Much of what we say is not actually said at all. We communicate through the quirk of an eyebrow, the pursing of lips, the folding of arms or tone of voice. It is one of the marvels of human communication—the ability to speak volumes without speaking a word. Elisabeth Camp, Associate Professor of Philosophy from Rutgers University, provided her expertise on this subject to a crowd of students and faculty on April 11 at 4:15 during the Philosophy Colloquium titled “Just Kidding: Sarcasm, Jokes, and Willful Deniability in Speech.”
Camp is one of the leading scholars in developing ways of thought that go beyond the black-and-white perspective of true and false, instead focusing on the murky gray area in between. In this specific lecture, she outlined familiar linguistic phenomena designed to skirt accountability and express unspoken meaning.
“The great power of human communication—linguistic communication—comes not from the complexity of our language, but from the ways we can harness unstated assumptions to coordinate in unstated ways,” Camp said.
Camp first outlined communication tactics that provide an innocent, literal meaning but a harsher, unspoken meaning. Some of these included insinuation, sarcasm and jokes. She even provided a meticulously organized handout with examples of these linguistic slights of hand, which ranged from one-on-one conversations about household chores to speech in the public sphere with examples from major figures such as President Trump and Speaker of the House Nancy Pelosi. One such example Camp used was of Pelosi’s clap after the 2019 State of the Union Address that went viral for its sarcastic delivery. It was clear from her body language that the clap was sarcastic, but she was able to argue that she was applauding the president and could not be faulted for that.
Camp’s second portion of the talk focused on the concept of plausible deniability, which is the ability of a speaker to deny their unspoken meaning. The main way people use this linguistic escape door is to keep their true meaning on the peripheral of the conversation instead of making it the main topic. This way, the speaker can escape a direct response and there is no evidence of their true intentions. Camp described denial as bridging the gap between what is mutually obvious and what the speaker is willing to acknowledge as mutually obvious. These conversations function as an invitation to intimacy composed of shared, implicit assumptions.

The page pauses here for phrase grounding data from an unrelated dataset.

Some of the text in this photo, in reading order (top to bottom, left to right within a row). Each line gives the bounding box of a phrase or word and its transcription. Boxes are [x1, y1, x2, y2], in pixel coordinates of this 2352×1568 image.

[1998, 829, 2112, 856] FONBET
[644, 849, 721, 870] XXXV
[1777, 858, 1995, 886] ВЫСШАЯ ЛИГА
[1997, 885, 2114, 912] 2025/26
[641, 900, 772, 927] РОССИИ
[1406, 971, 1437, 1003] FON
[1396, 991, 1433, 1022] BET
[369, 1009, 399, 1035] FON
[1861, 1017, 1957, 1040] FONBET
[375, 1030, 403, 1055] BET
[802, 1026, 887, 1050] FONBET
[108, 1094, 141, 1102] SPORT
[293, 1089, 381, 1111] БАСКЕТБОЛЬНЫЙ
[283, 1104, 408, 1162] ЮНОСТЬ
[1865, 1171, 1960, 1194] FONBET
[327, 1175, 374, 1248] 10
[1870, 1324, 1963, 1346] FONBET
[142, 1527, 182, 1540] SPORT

Camp concluded her talk with advice on how to combat these linguistic tricks to make people take accountability for what they mean. She warned that directly asking about one’s unstated meaning can backfire, since doing so would provide validity to the speaker’s point and would make the hearer complicit in their presuppositions. Instead, Camp suggests using pedantry as the weapon with which to cut down the speaker’s attempt to avoid accountability. For example, the hearer could feign incomprehension to force the speaker to explain themselves or twist the intended connection to the hearer’s benefit. These methods could be employed in everyday conversations, and Camp used her own experience as an example with an anecdote about a squabble with her husband over running the dishwasher.

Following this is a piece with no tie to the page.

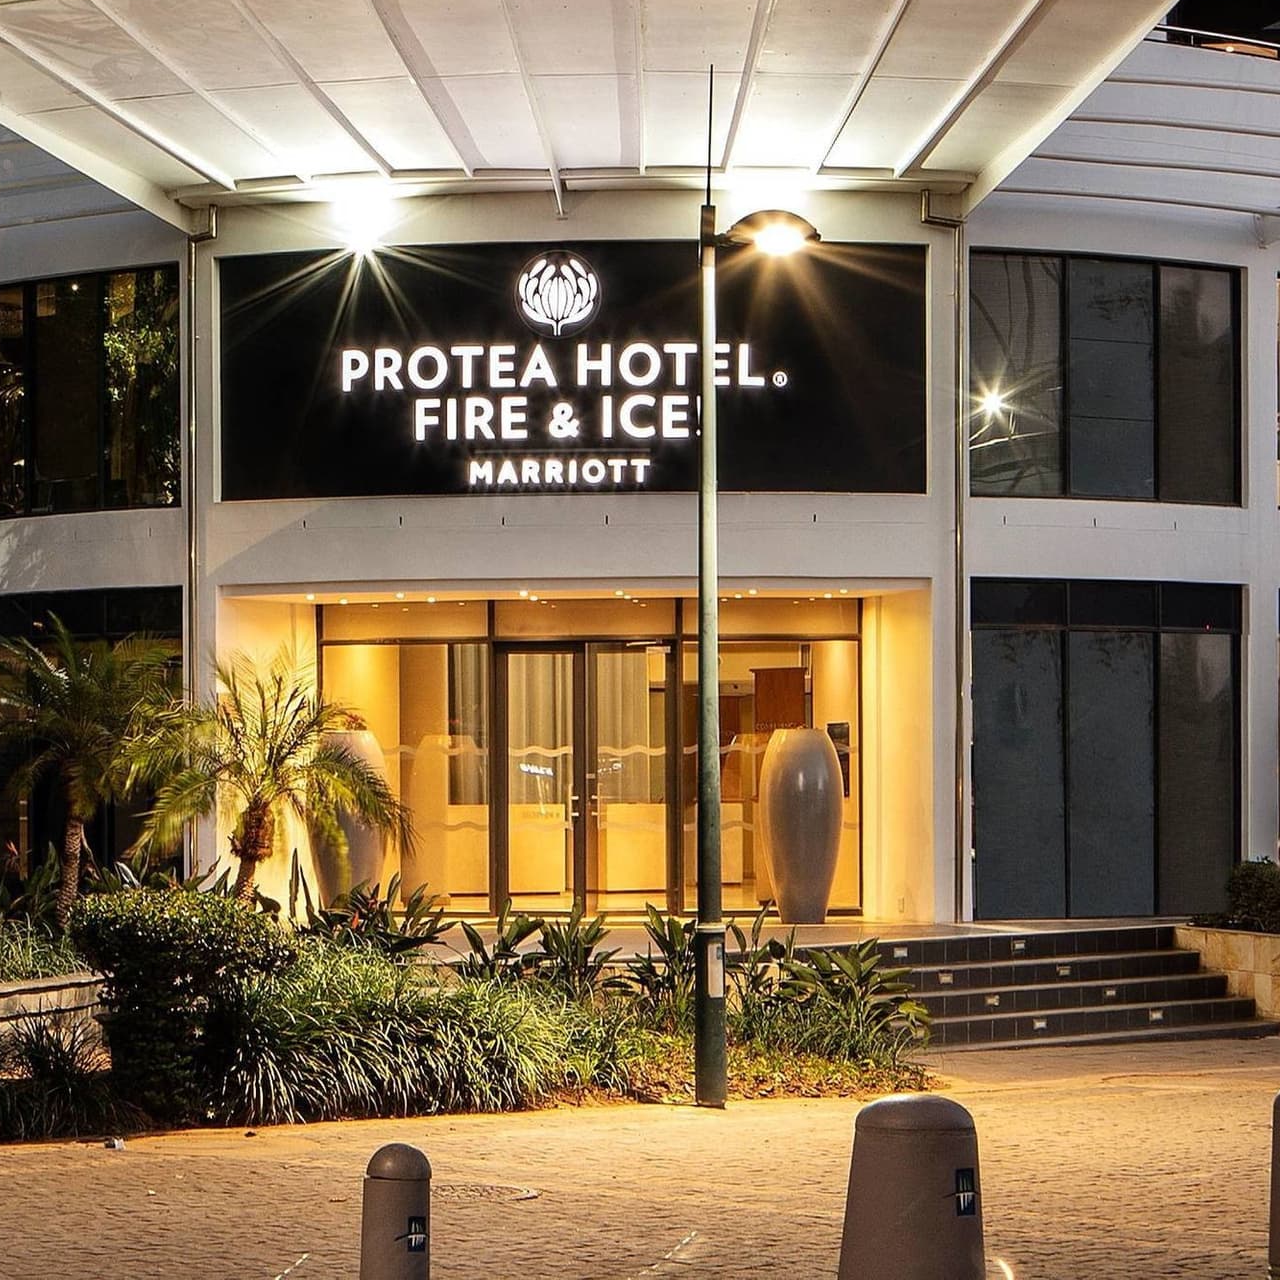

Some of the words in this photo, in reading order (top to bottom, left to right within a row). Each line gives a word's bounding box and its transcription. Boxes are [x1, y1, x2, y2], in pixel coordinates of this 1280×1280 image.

She left the audience with the caveat that rhetorical success in these situations is the result of a multitude of factors.
“Success can depend at least as much on wit and on being fast on your feet, being imaginative and coming up with an effective response, and on the sociopolitical dynamics,” Camp said.
Camp’s lecture brought attention to the linguistic tools we are all guilty of using in order to avoid accountability for the risky, hidden meaning of our words. Her examples made us realize just how often we unintentionally use sarcasm or jokes to deflect responsibility for our words. Her lecture cultivated a greater awareness of the rhetorical decisions we make in everyday discourse, which in turn helps the audience safeguard against becoming a powerless listener in conversations with hidden meaning.